家里Wi-Fi突然变慢,想查查是不是有设备在偷偷传数据?用网络分析工具时,面对满屏乱跳的数据包,根本找不到重点?其实只要学会设置过滤器,就能像用筛子一样,把关心的流量单独拎出来看。
为啥要设过滤器?
不设过滤器的话,你看到的是所有设备、所有应用的通信记录。比如你只想看看手机有没有连某个广告服务器,结果屏幕上全是路由器广播、电视心跳、智能灯泡上报数据,看得头大。加上过滤器,立马清爽。
常见过滤语法,记这几个就够用
大多数工具比如Wireshark、tcpdump都支持类似的表达式。
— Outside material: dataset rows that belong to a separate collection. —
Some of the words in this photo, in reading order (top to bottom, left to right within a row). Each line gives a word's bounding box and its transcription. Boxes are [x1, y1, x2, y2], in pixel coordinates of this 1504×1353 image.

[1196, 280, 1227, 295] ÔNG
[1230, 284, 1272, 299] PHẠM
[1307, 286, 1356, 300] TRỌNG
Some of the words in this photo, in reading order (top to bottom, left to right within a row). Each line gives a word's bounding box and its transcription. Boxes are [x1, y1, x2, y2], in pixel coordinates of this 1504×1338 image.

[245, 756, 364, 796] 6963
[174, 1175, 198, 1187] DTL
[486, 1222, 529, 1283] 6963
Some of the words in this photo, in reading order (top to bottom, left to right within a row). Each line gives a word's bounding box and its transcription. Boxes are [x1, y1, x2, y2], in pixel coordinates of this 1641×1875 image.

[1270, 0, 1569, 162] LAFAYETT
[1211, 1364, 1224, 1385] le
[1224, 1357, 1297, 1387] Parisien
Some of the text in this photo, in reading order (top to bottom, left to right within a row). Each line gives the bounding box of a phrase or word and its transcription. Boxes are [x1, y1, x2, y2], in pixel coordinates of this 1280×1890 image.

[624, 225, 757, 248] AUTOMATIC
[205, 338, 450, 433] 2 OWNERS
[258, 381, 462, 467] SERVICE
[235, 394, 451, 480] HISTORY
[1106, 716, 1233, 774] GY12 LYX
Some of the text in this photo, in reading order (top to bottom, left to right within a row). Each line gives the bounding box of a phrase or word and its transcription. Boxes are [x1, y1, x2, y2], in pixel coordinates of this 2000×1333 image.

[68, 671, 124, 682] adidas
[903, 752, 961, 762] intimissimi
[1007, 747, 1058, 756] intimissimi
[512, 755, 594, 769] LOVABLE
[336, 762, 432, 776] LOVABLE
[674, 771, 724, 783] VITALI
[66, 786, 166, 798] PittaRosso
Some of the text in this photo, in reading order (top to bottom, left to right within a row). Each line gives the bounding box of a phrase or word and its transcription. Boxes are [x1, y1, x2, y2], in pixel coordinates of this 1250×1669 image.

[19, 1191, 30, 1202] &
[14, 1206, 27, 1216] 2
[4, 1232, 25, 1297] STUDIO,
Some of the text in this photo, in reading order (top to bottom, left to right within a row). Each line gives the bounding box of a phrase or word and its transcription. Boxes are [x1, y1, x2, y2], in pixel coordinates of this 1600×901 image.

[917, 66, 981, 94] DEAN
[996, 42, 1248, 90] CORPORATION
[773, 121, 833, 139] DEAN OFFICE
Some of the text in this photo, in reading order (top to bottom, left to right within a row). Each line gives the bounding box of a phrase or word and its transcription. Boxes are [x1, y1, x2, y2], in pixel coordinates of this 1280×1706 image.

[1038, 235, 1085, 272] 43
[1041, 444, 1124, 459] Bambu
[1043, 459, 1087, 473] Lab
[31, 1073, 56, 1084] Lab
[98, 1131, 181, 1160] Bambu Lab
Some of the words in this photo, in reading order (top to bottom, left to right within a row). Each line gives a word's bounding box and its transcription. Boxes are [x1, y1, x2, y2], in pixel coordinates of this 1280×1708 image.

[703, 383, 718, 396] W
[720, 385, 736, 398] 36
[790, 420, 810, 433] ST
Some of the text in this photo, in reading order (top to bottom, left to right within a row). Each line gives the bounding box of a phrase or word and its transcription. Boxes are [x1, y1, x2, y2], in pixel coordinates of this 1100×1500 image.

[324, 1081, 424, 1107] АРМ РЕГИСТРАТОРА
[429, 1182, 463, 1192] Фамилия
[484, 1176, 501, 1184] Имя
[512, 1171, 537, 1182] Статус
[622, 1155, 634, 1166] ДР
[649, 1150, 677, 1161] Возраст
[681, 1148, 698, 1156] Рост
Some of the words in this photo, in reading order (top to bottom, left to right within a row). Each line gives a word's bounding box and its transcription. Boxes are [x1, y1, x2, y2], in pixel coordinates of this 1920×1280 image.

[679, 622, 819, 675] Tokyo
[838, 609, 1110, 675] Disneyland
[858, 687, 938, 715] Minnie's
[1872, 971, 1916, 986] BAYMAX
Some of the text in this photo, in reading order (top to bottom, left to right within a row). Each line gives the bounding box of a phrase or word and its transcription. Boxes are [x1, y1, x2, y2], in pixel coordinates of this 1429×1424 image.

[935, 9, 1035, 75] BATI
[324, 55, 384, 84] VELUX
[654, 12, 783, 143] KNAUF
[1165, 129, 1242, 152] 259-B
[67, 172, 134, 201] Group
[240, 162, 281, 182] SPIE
比如只看某台设备的流量,先知道它的IP,比如手机是192.168.1.103:
ip.addr == 192.168.1.103如果只想看网页浏览(HTTP)流量,可以写:
tcp.port == 80要看手机访问了哪些域名,可以用:
dns.qry.name contains "ads"组合条件更精准
想看手机访问的HTTPS网站?可以这样组合:
ip.addr == 192.168.1.103 && tcp.port == 443中间的 && 表示“并且”。要是想看非视频流量,排除常见的视频端口:
!udp.port in {1935, 8088, 554}实际场景:揪出偷跑流量的App
昨晚发现宽带用了10GB,可没人看视频?打开分析工具,加个过滤器:
ip.addr == 192.168.1.103 && frame.time_delta > 300意思是:只看这台设备每间隔5分钟以上才通信一次的连接,结果发现一个叫"weather-service"的后台进程在不断上传数据,果断进手机设置里禁掉。
小贴士
刚上手别背复杂语句,先从ip.addr和端口号试起。点一下数据包,右键常有“作为过滤器应用”的选项,系统自动帮你生成规则,特别省事。多试几次,慢慢就熟了。